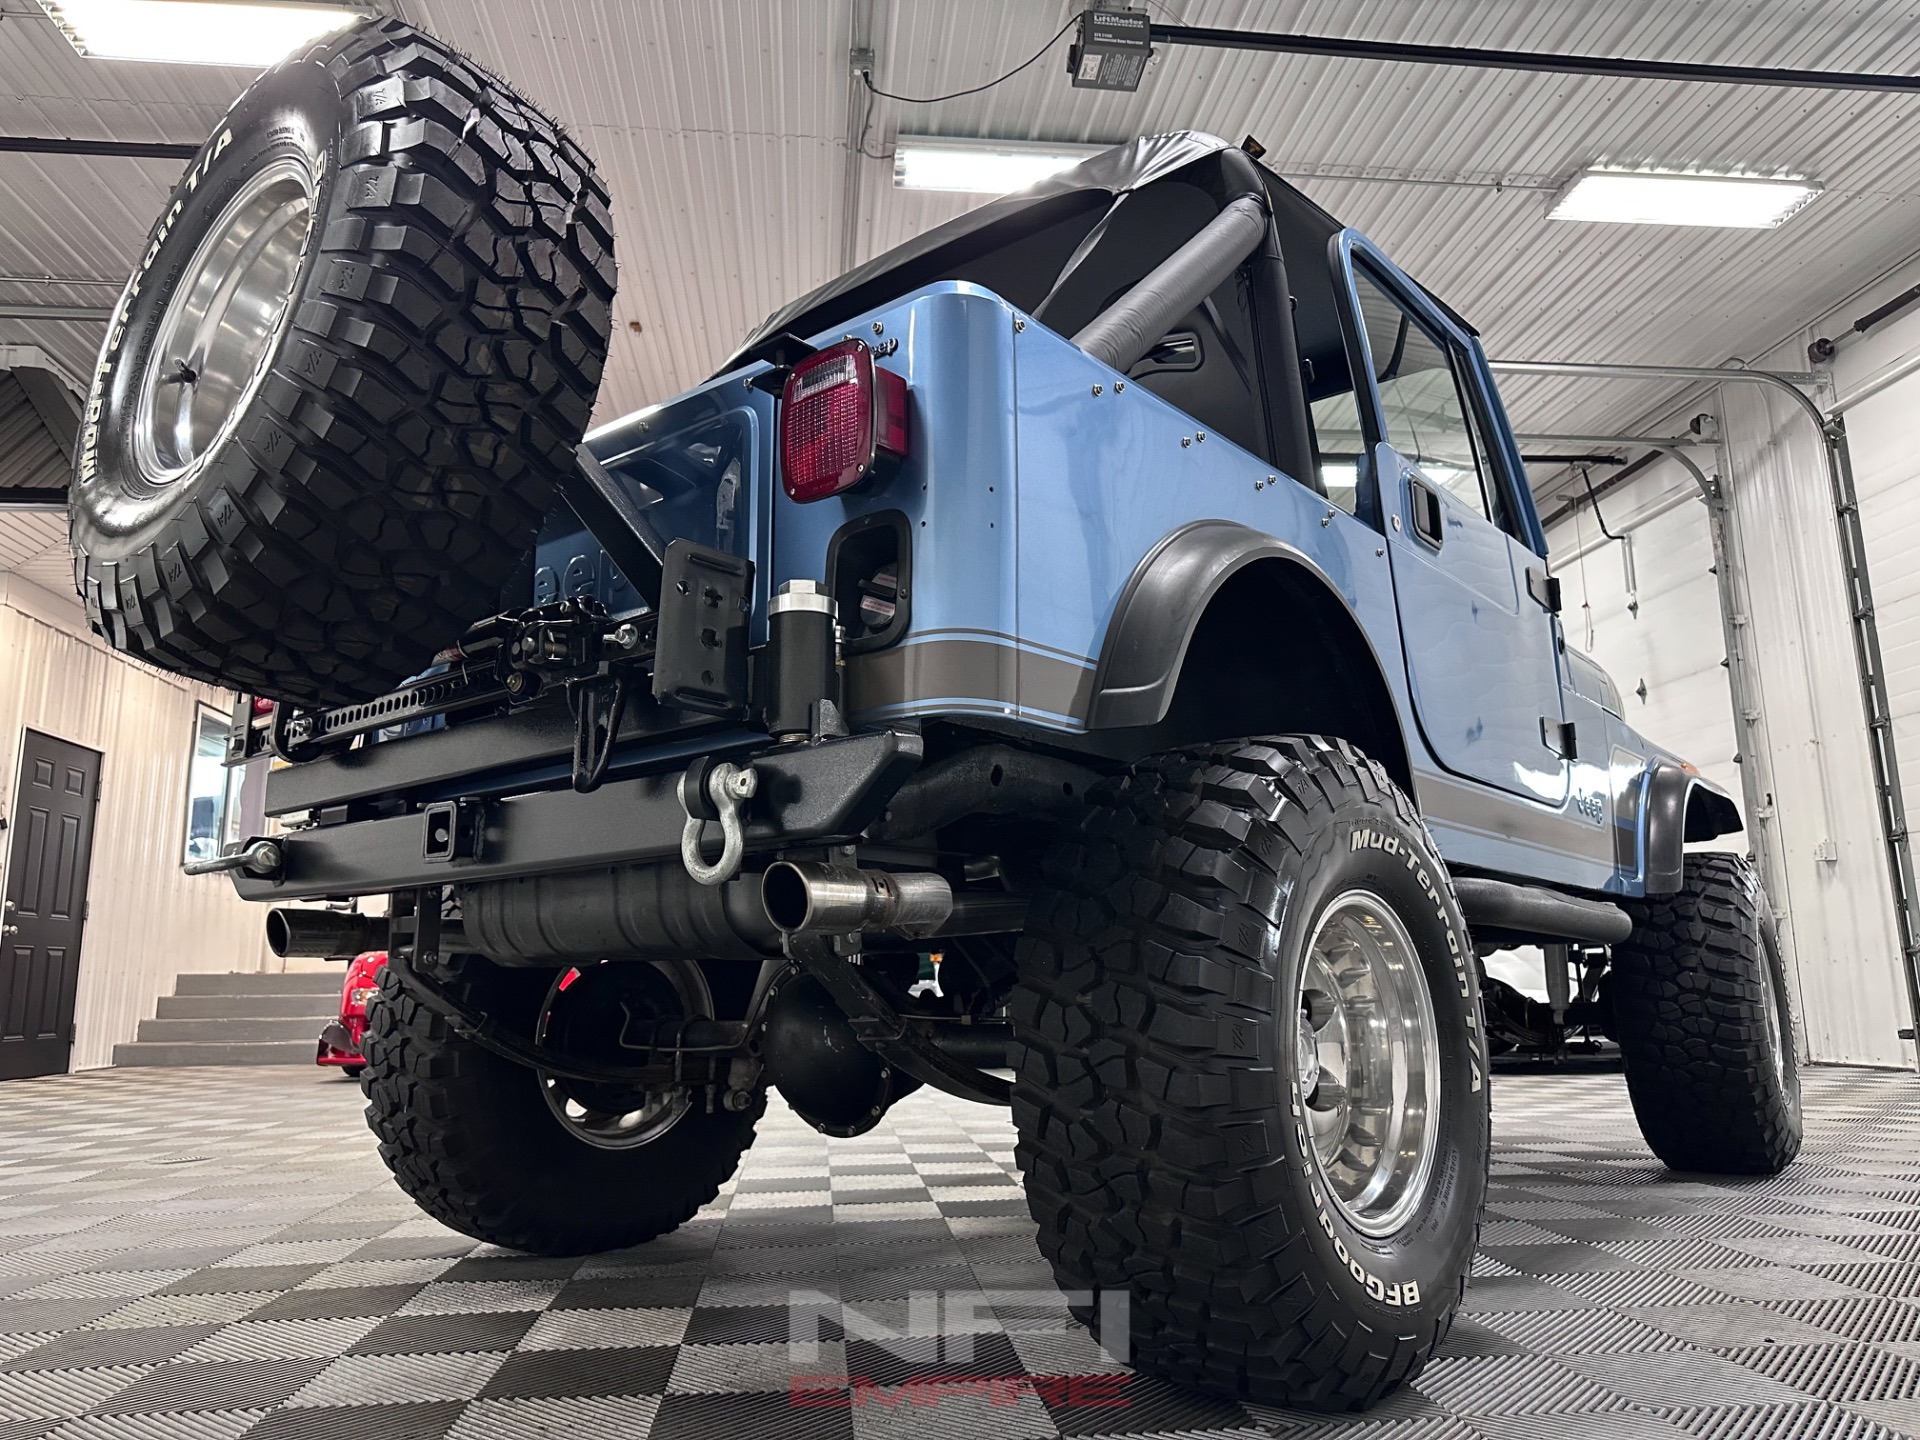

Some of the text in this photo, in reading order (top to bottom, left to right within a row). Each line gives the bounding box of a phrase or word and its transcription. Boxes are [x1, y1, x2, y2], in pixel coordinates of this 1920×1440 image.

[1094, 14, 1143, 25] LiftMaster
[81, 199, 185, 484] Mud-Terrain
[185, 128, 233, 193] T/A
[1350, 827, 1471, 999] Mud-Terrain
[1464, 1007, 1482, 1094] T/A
──────
→ Activity
Repeat the records exactly, without the pictures.

→ Solution to this exercise
Some of the text in this photo, in reading order (top to bottom, left to right within a row). Each line gives the bounding box of a phrase or word and its transcription. Boxes are [x1, y1, x2, y2], in pixel coordinates of this 1920×1440 image.

[1094, 14, 1143, 25] LiftMaster
[81, 199, 185, 484] Mud-Terrain
[185, 128, 233, 193] T/A
[1350, 827, 1471, 999] Mud-Terrain
[1464, 1007, 1482, 1094] T/A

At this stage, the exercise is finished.